Issue
- I have upgraded our DXP 7.3 update 30 to DXP 2023.Q4.4. After performing the upgrade, the indexing process seems to be stuck at 99%. It seems that it has failed, and we see several errors in the log like this:
ERROR [default-50][jericho:211] StartTag table at (r1,c2162,p2161) contains attribute name with invalid character at position (r1,c2266,p2265)
- We have a huge amount of web content (several thousand web content that are getting upgraded), and we found out that the indexer failed due to an invalid HTML in the web content. We have viewed this article: https://help.liferay.com/hc/en-us/articles/22875397024525-HTML-Parsing-errors-when-reindexing-journal-articles-jericho. However, the solution is not feasible because we require to keep all the old data.
Environment
- Liferay DXP 7.4 Quarterly Release 2023.Q4
Resolution
- The stuck indexing in this case is expected due to the huge data. It seems that it will take a longer time for the indexing process to be completed.
- However, to verify whether or not the reindex fails, I kindly ask you to raise the log level of the following to INFO: com.liferay.portal.search.elasticsearch7.internal.ElasticsearchIndexSearcher by opening the Main Menu on the top right. Go to Control Panel --> SYSTEM --> Server Administration --> Log Levels and click on the "+" on the upper right and add the category: com.liferay.portal.search.elasticsearch7.internal.ElasticsearchIndexSearcher
The log level should be set to INFO - After saving this log level, start a full reindex and check the log to see if it fails or not. In most cases, the indexing process will finish and you will see in the log this message:
INFO [liferay/background_task-7][ReindexPortalBackgroundTaskExecutor:81] Finished reindexing company xxxxx with execution mode full
- If the indexing gets stuck, you will need to index the latest versions of the web content.
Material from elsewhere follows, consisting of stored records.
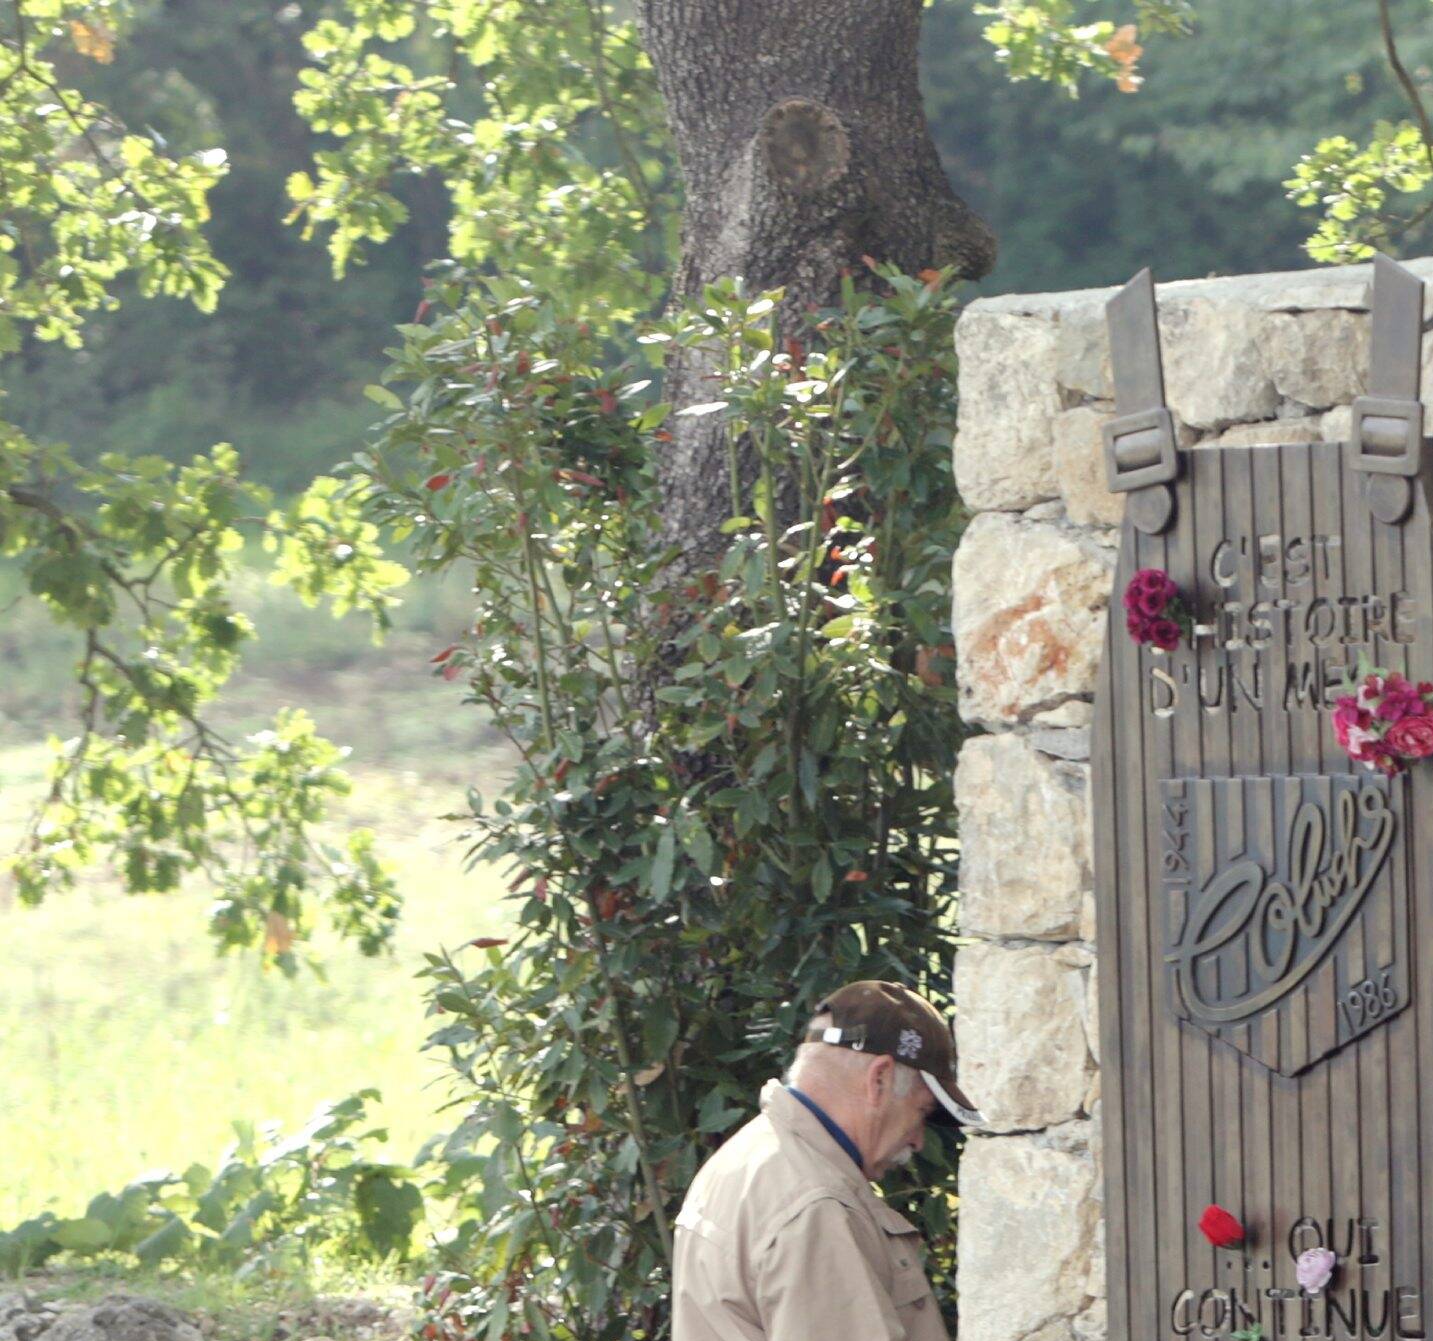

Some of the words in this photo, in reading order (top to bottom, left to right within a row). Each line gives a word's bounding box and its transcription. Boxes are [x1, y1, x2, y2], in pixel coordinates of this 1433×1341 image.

[1210, 533, 1342, 590] C'EST
[1190, 590, 1417, 656] HISTOIRE
[1150, 661, 1264, 719] D'UN
[1283, 657, 1360, 713] ME
[1162, 802, 1192, 885] 1944
[1337, 971, 1398, 1031] 1986
[1170, 1285, 1426, 1341] CONTINUE
Please follow the below instructions:
- Uncheck the "Index All Article Versions Enabled" checkbox from Control Panel > System Settings > Content and Data > Web Content > Virtual Instance Scope > Web Content > Index All Article Versions Enabled. and save the configuration.
- Run the reindexCompanyWebContents.groovy script from the article. Make sure to change the "companyId"!
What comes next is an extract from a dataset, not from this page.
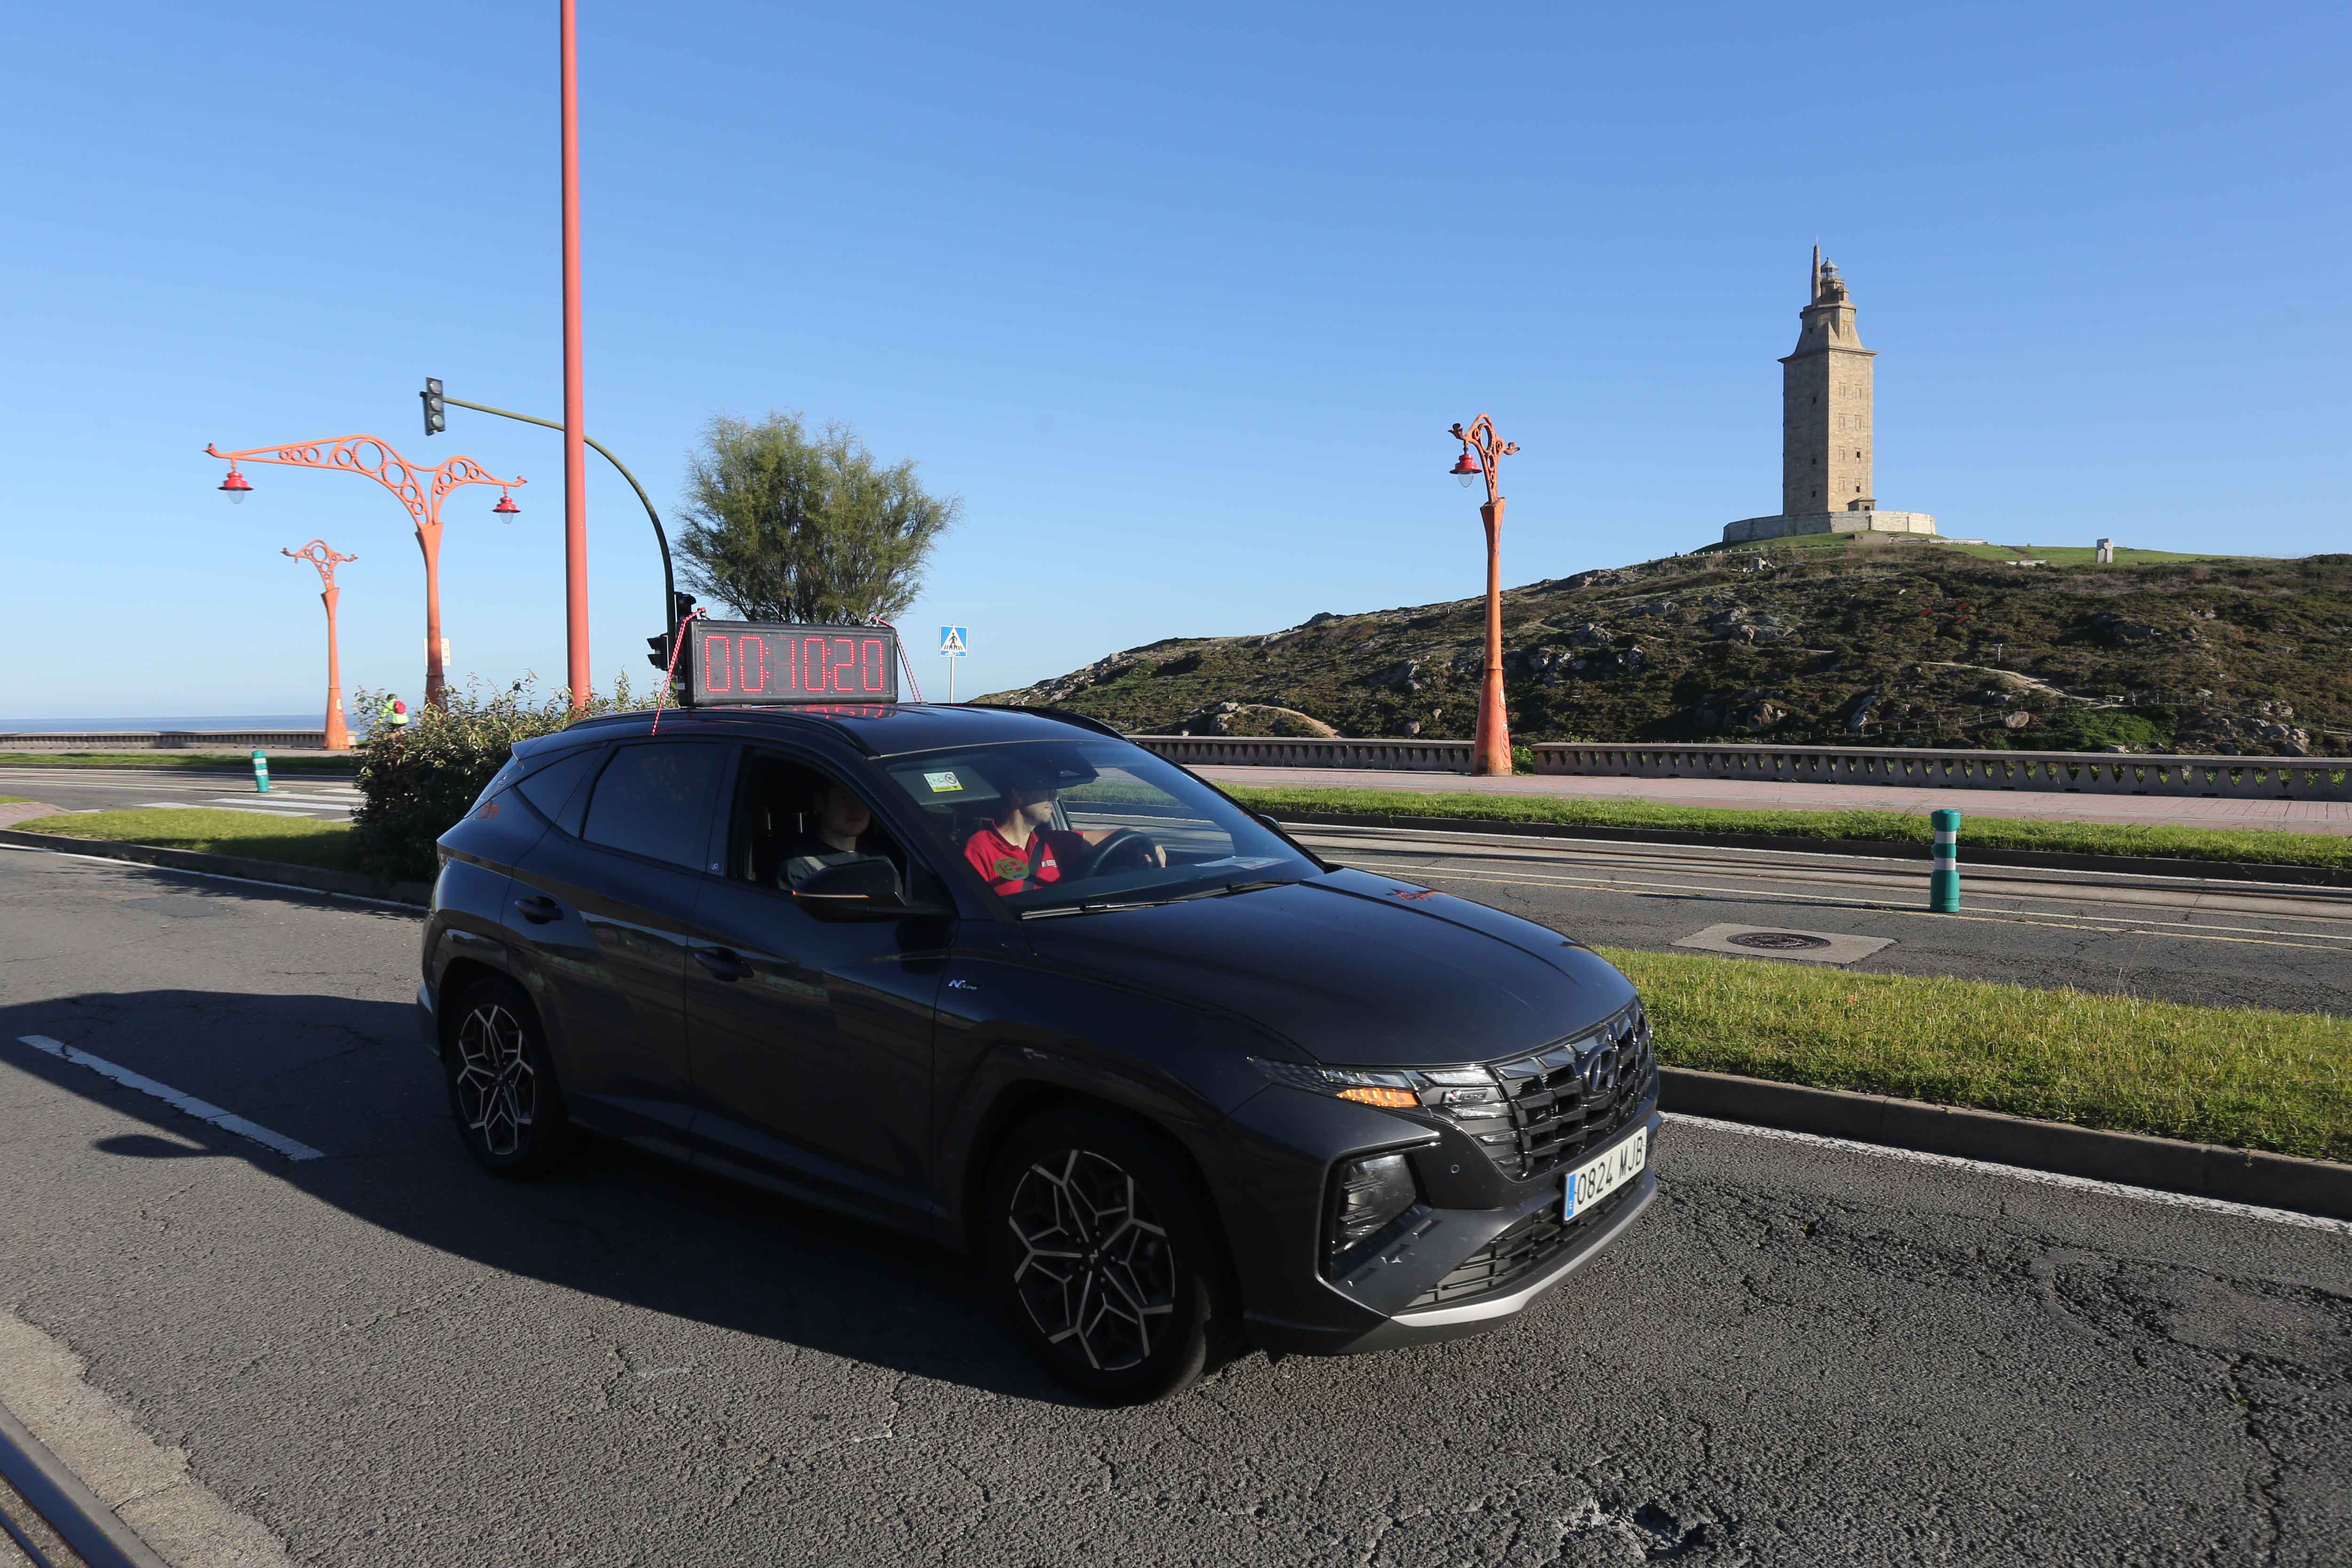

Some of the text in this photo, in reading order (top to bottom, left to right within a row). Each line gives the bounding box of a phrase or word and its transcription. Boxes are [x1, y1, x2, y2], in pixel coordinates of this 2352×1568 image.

[705, 635, 884, 692] 00:10:20
[1577, 1136, 1643, 1205] 0824 MJB
- Check the logs to gather all the problematic web content. The script will print out every web content during indexing, they need to gather the ones that have the error immediately after the
Indexing: articleId=
... message. - Review the HTML in these web contents and correct the issues.
- Reindex the web contents from Control Panel > Search > Web Content > Web Content Article (com.liferay.journal.model.JournalArticle).